Atrapado en el laberinto de Rayuela
Llevo años leyendo la novela más conocida del genio argentino Julio Cortázar. El autor propone en Rayuela dos formas de lectura. A saber, se puede abordar convencionalmente, como un libro cualquiera, en orden el correlativo que disponen sus páginas, o de forma discontinua siguiendo una suerte de damero propuesto al comienzo de la obra, donde se van alternando los distintos capítulos de la obra.
Yo, aventurero de principios, me incliné por la segunda opción. De modo que, desde el sector 73, con que comienza la trama, pasa al corte 1, y después al 2, para saltar nuevamente al 116 y así sucesivamente hasta acabar en una especie de espiral, quizá malintencionada, donde del capítulo 131, nos manda al 58, y de éste otra vez al 131, con la lógica misma vuelta en periódico puro que lo hace interminable.
Las secciones son cortas o meridianamente alargadas. Siempre densas y experimentales, lingüísticamente hablando.
No sé cuándo, hará meses que me extravié en su contenido, como la bella dama Egeira, soñada por Perucho, perdida entre las páginas de un códice medieval mientras bordaba en un bastidor de marfil. Señalé una página en un descanso. Intermedié un punto de lectura entre dos hojas, izquierda y derecha, par impar, donde, en ambos lados, daban comienzo sendos capítulos. El episodio de la izquierda comenzaba y concluía en tal página; el título diestro, a saber dónde terminaba.

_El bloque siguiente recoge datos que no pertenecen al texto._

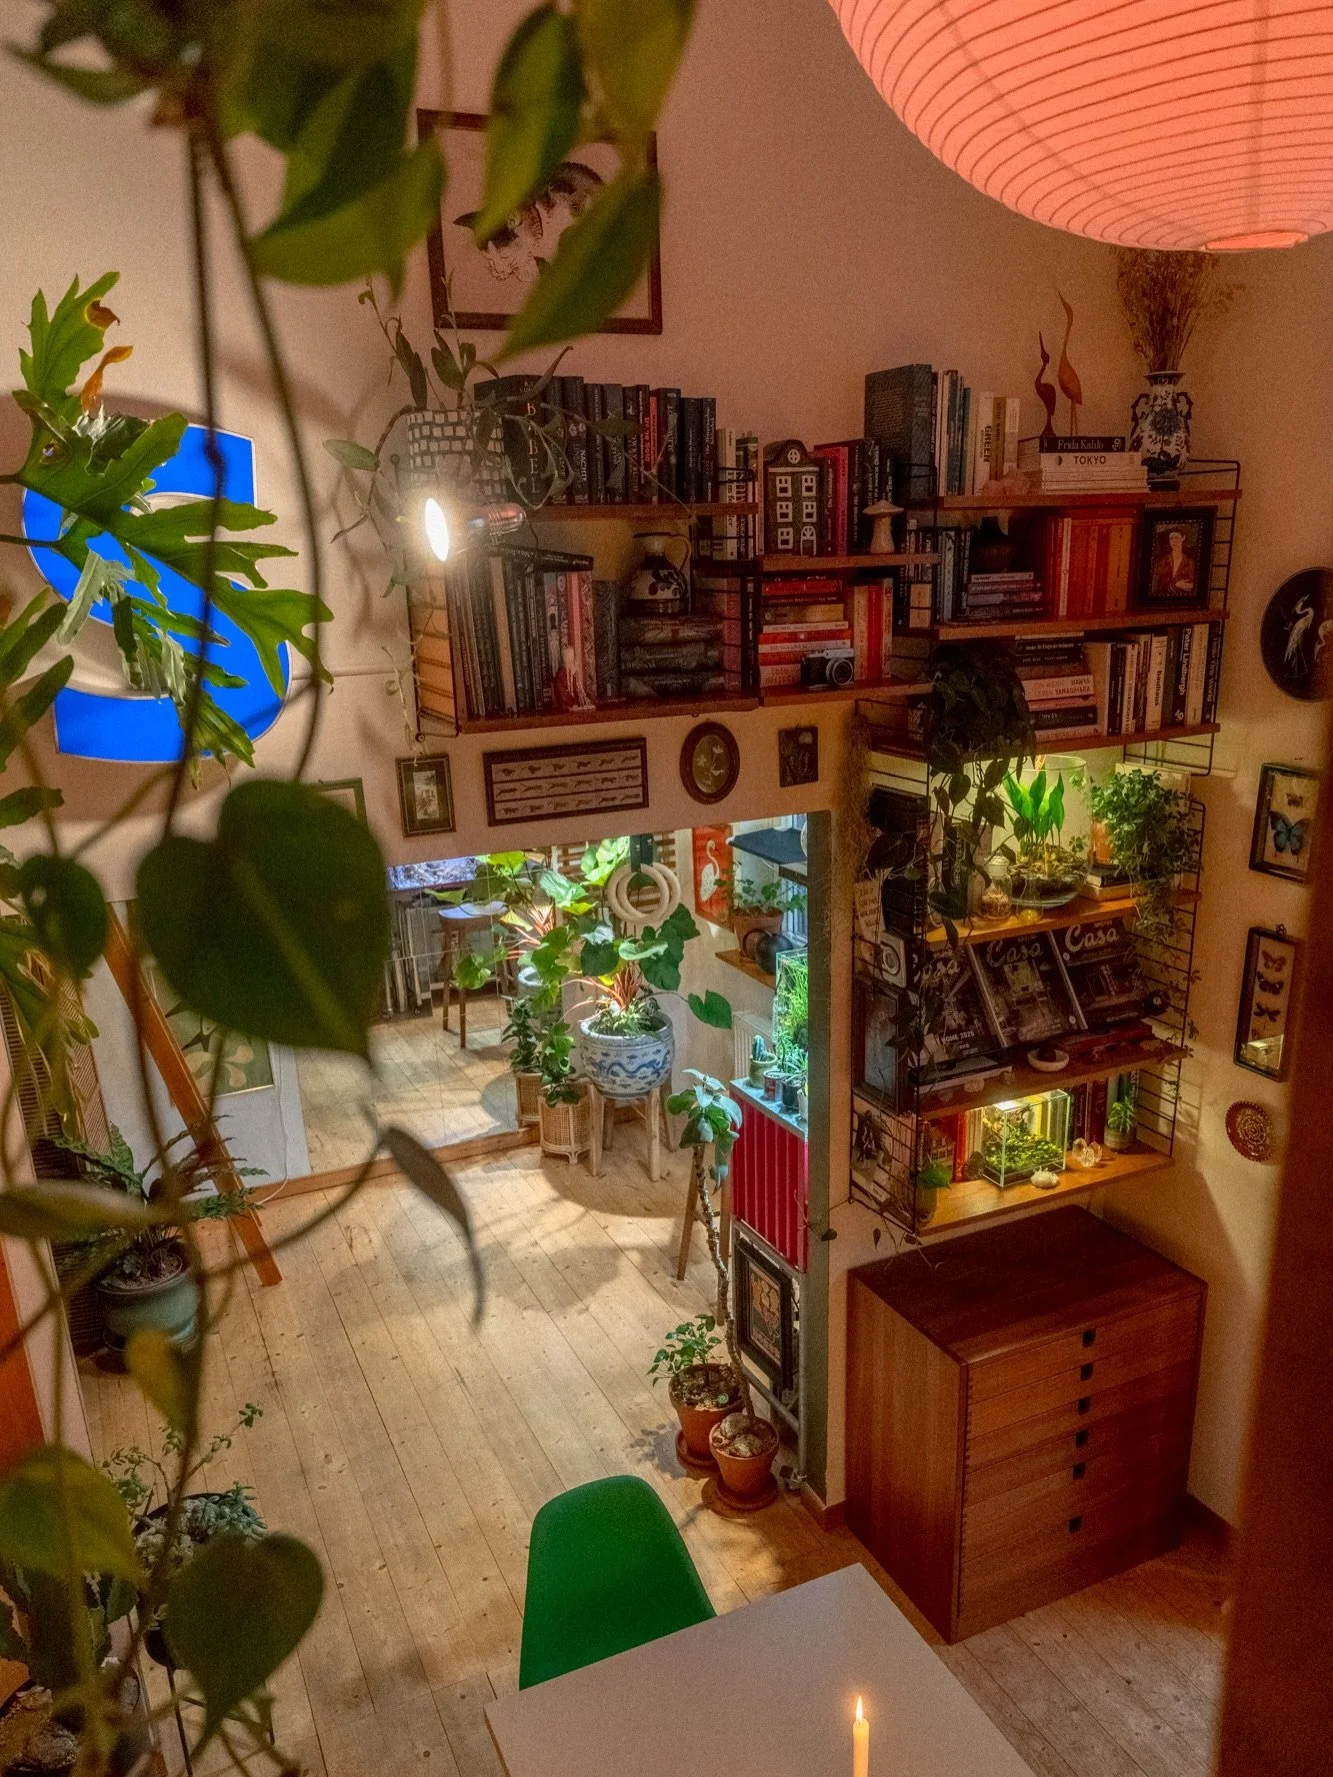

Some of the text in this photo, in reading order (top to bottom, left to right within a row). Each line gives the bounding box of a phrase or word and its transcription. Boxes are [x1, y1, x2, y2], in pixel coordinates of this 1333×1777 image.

Al retomar Rayuela, un error, un despiste o la influencia de hados invisibles, inclinaron mi decisión a proseguir la lectura en la parte equivocada y continuar la guía de Cortázar.
Al rato de ir leyendo, reconocí algún pasaje. Dando por seguro que el mundo onírico de esta guisa cojeaba y que los tintes surrealistas que tachonan la obra vuelven como las olas en la orilla, continué saltando a la pata coja y venda en los ojos.
Cuando una frase se me hizo tan nítida y evidente que era imposible su doblez, quise rebobinar el hilo de Ariadna hasta el origen de la confusión que, al no hallarlo fácilmente, los palos de ciego se sucedían a mansalva. De forma que una sección me lleva a otra. Esta la conozco, la otra no. Vuelvo y retomo al azar otro numerito y salto al siguiente. Me voy de nuevo al principio y de nuevo caigo en la duplicidad, en el dilema o en el camino que se bifurca, emparentando así a dos paisanos, coetáneos, contemporáneos.
La palabra fin no existe. Rayuela es una obra sempiterna y yo seguiré perdido en su laberinto.